Man, woman charged with roles in posting monkey abuse videos
June 11 (UPI) -- A Tennessee woman and a North Carolina man have been indicted on federal charges that they were involved with online groups that created and distributed videos online depicting extreme violence and sexual abuse against monkeys.
In the Southern District of Ohio, a grand jury indictment, which was unsealed Wednesday, charges Katrina Favret of Tennessee and Robert Craig of North Carolina, the U.S. Department of Justice said. In October, Ronald Bedra, of Ohio, was sentenced to 54 months in prison for conspiracy of the postings.
Craig is charged with creating and distributing the videos and Favret with conspiracy.
They conspired to produce "animal crush videos," according to the indictment.

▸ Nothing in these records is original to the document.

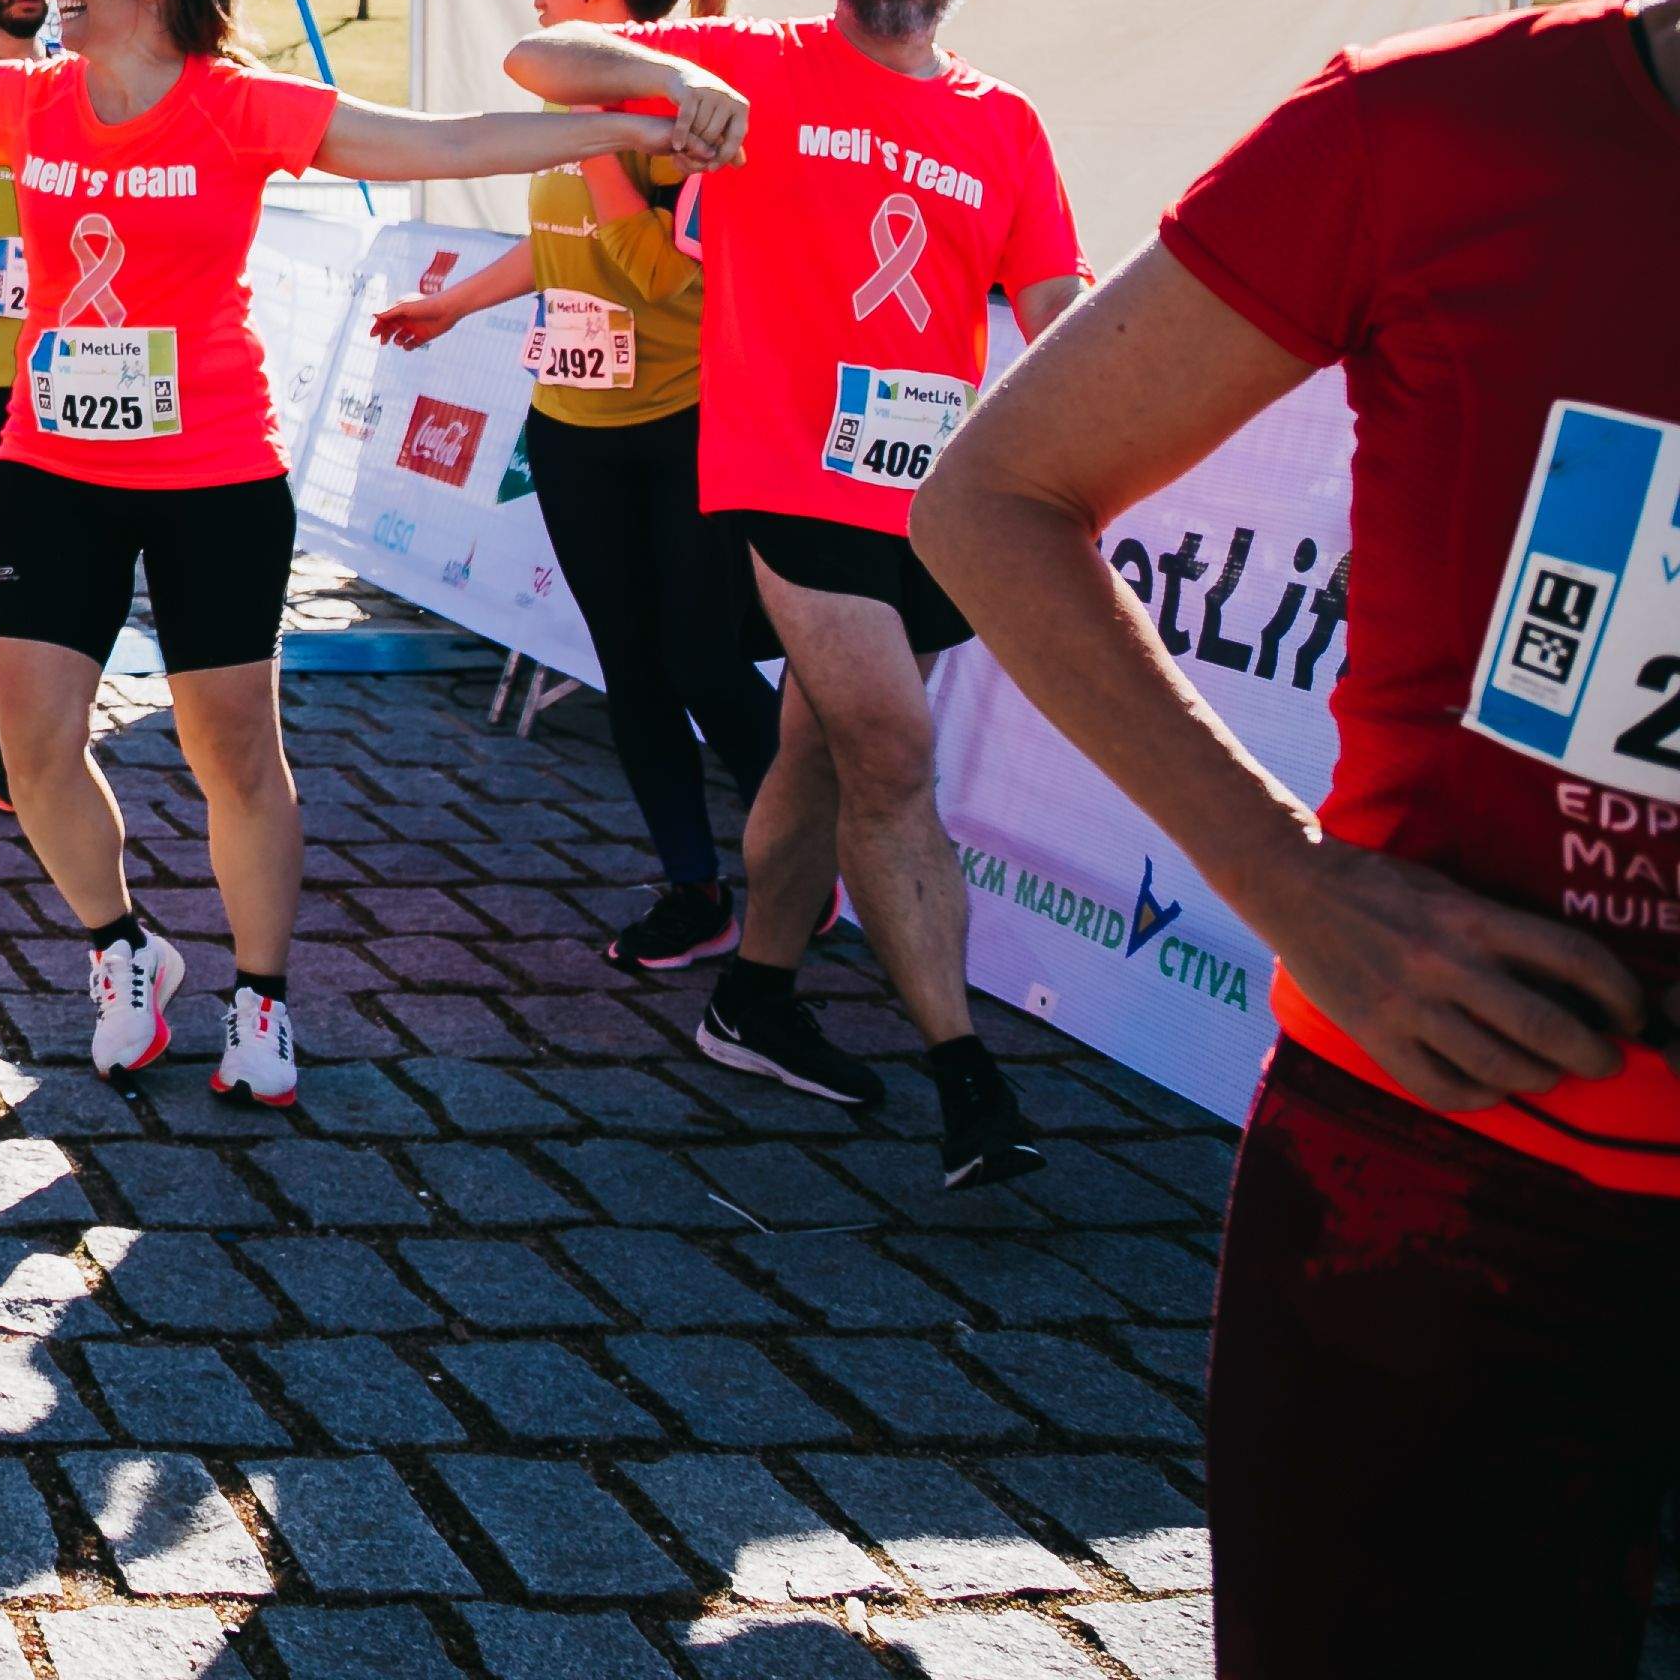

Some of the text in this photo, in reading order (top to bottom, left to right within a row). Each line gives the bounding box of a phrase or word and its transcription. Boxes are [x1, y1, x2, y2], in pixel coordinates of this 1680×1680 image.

[902, 149, 984, 210] Team
[556, 302, 603, 314] MetLife
[81, 341, 141, 357] MetLife
[61, 394, 143, 431] 4225
[904, 386, 962, 407] MetLife
[862, 439, 934, 480] 406
[1097, 526, 1351, 692] etLif
[1562, 831, 1680, 900] MA
[950, 839, 1008, 897] KM
[1013, 869, 1126, 950] MADRID
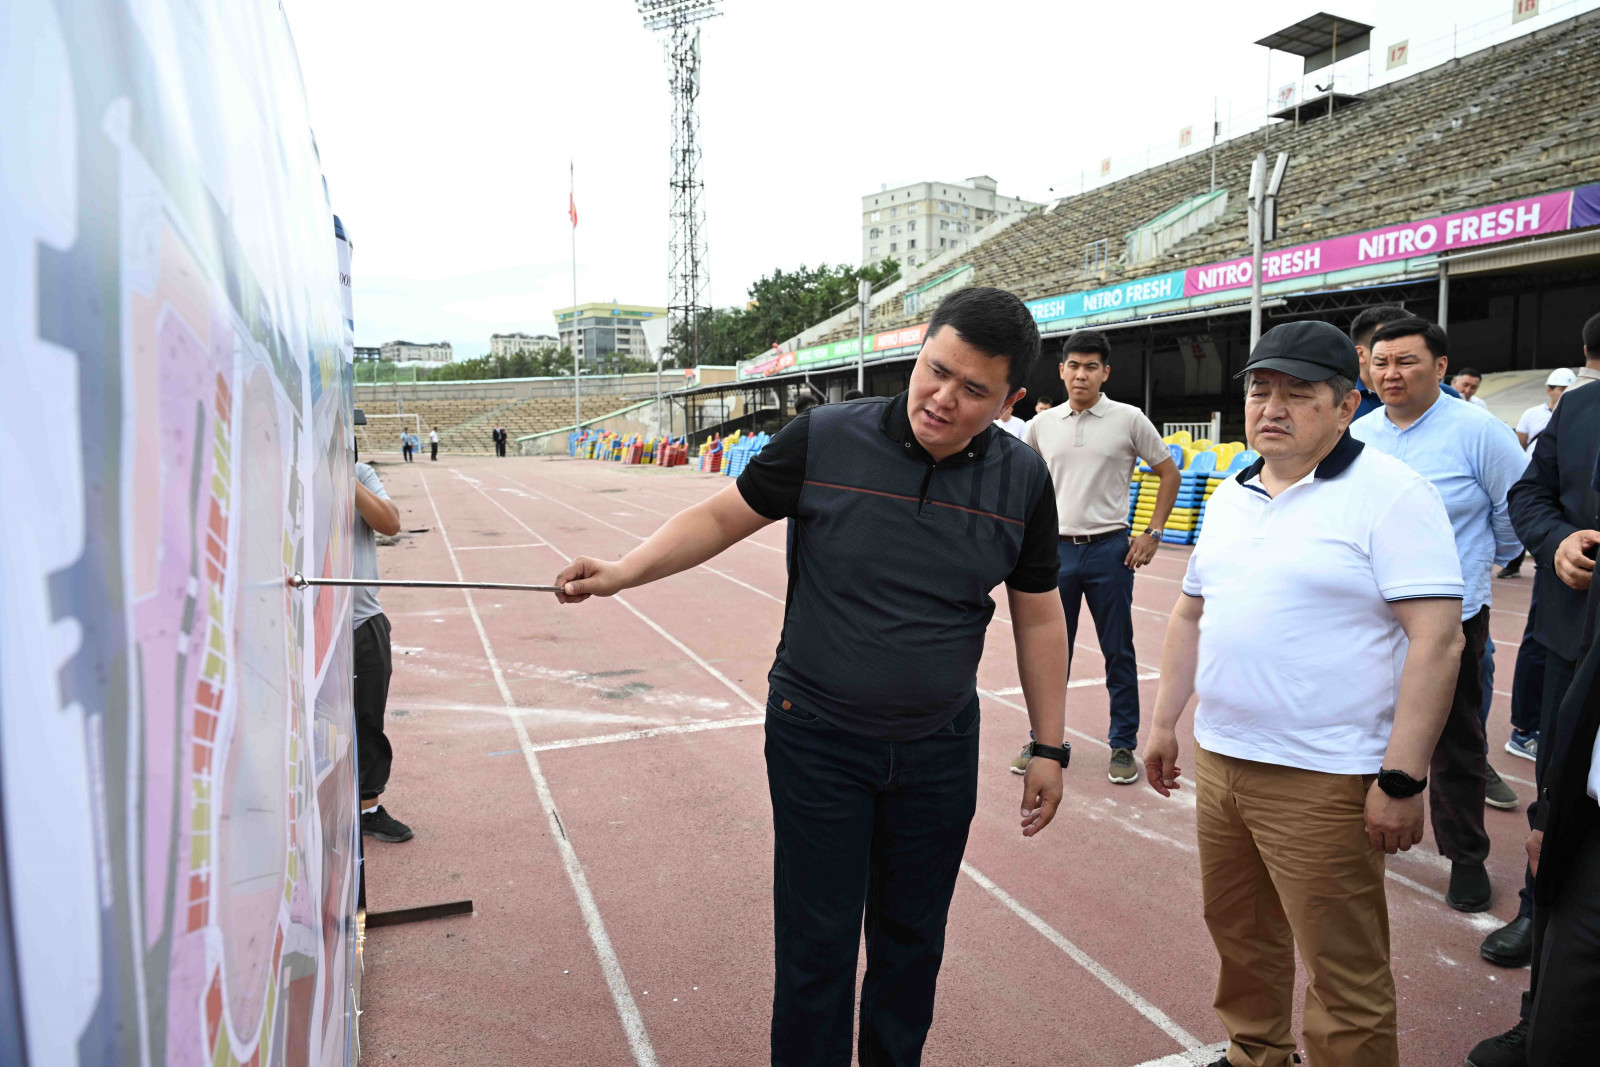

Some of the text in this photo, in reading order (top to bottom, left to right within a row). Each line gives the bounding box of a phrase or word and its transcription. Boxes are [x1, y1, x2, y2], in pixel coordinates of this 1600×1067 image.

[1391, 45, 1406, 62] 17
[1358, 203, 1541, 261] NITRO FRESH
[1198, 261, 1253, 290] NITRO
[1031, 299, 1065, 319] FRESH
[1083, 278, 1172, 312] NITRO FRESH

The videos depict sadistic violence against juvenile and adult monkeys, prosecutors said. They included monkeys sodomized with a heated screwdriver and a monkey's genitals cut with scissors.

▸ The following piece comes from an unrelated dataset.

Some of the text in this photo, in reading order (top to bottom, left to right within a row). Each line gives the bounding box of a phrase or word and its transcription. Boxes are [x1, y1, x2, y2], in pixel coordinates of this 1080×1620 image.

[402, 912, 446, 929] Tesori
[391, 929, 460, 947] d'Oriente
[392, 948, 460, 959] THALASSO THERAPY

They allegedly used encrypted chat applications to direct money to individuals in Indonesia willing to commit the requested acts of torture on camera.
"We will punish participants of sadistic conspiracies like this one no matter their role in the crime," said U.S. Attorney Kenneth L. Parker of the Southern District of Ohio said after Bedra was sentenced. "As this case shows, even if you do not commit the torture first-hand, you will be held accountable for promoting this obscene animal abuse."
The U.S. Fish and Wildlife Service Office of Law Enforcement and the FBI were involved in the investigation.
In 2019, President Donald Trump signed a bipartisan bill into law that makes animal cruelty a federal crime. The Preventing Animal Cruelty and Torture Act, which was unanimously passed in the House and Senate, revises and expands earlier legislation against making and distributing videos of animal cruelty.
In 2010, the U.S. Supreme Court overturned a Virginia man's conviction under a federal law banning videos of animal cruelty, saying they were protected speech. The 8-1 ruling, with Justice Samuel Alito dissenting, said the government lacked the power to ban expressions of animal cruelty when that is done in videotapes and other commercial media. The opinion said wasn't curbing government's power to punish acts of animal cruelty, but the portrayals of such acts.
Depictions of animal torture should be reported to authorities.